(Beginning of Given entries)

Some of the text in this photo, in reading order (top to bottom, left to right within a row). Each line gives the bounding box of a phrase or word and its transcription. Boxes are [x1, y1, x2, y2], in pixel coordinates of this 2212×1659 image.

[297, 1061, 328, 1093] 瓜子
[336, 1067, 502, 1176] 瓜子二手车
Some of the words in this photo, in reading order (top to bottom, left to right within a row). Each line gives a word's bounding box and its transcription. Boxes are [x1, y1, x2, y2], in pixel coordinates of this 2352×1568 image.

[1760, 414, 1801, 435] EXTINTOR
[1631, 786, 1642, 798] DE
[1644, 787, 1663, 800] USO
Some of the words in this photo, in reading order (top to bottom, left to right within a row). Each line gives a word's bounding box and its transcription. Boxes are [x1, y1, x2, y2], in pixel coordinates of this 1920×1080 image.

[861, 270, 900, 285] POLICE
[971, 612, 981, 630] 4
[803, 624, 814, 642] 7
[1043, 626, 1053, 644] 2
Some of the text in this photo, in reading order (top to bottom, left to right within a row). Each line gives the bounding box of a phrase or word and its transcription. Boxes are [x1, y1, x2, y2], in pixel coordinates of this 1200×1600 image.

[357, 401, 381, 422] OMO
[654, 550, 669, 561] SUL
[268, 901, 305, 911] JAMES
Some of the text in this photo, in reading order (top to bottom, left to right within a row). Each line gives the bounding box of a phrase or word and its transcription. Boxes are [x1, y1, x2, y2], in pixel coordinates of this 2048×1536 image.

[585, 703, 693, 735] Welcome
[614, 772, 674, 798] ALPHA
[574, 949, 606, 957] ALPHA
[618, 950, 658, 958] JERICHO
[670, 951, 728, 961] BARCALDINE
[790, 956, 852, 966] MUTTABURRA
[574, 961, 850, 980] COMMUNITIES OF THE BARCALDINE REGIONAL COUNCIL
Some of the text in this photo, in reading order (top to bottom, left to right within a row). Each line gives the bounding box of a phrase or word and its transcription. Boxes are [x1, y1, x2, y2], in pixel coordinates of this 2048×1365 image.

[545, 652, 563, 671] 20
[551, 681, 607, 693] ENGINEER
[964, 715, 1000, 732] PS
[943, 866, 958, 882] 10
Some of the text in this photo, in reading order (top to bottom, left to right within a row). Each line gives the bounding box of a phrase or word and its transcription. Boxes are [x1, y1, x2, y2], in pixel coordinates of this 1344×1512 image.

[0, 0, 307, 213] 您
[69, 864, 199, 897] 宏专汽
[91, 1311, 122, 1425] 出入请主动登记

(End of Given entries)

Task directions — Repeat word for word the lines running from the line containing "this 2048×1365 image." to the end of the entries above, inclusive.

Answer space —
Some of the text in this photo, in reading order (top to bottom, left to right within a row). Each line gives the bounding box of a phrase or word and its transcription. Boxes are [x1, y1, x2, y2], in pixel coordinates of this 2048×1365 image.

[545, 652, 563, 671] 20
[551, 681, 607, 693] ENGINEER
[964, 715, 1000, 732] PS
[943, 866, 958, 882] 10
Some of the text in this photo, in reading order (top to bottom, left to right within a row). Each line gives the bounding box of a phrase or word and its transcription. Boxes are [x1, y1, x2, y2], in pixel coordinates of this 1344×1512 image.

[0, 0, 307, 213] 您
[69, 864, 199, 897] 宏专汽
[91, 1311, 122, 1425] 出入请主动登记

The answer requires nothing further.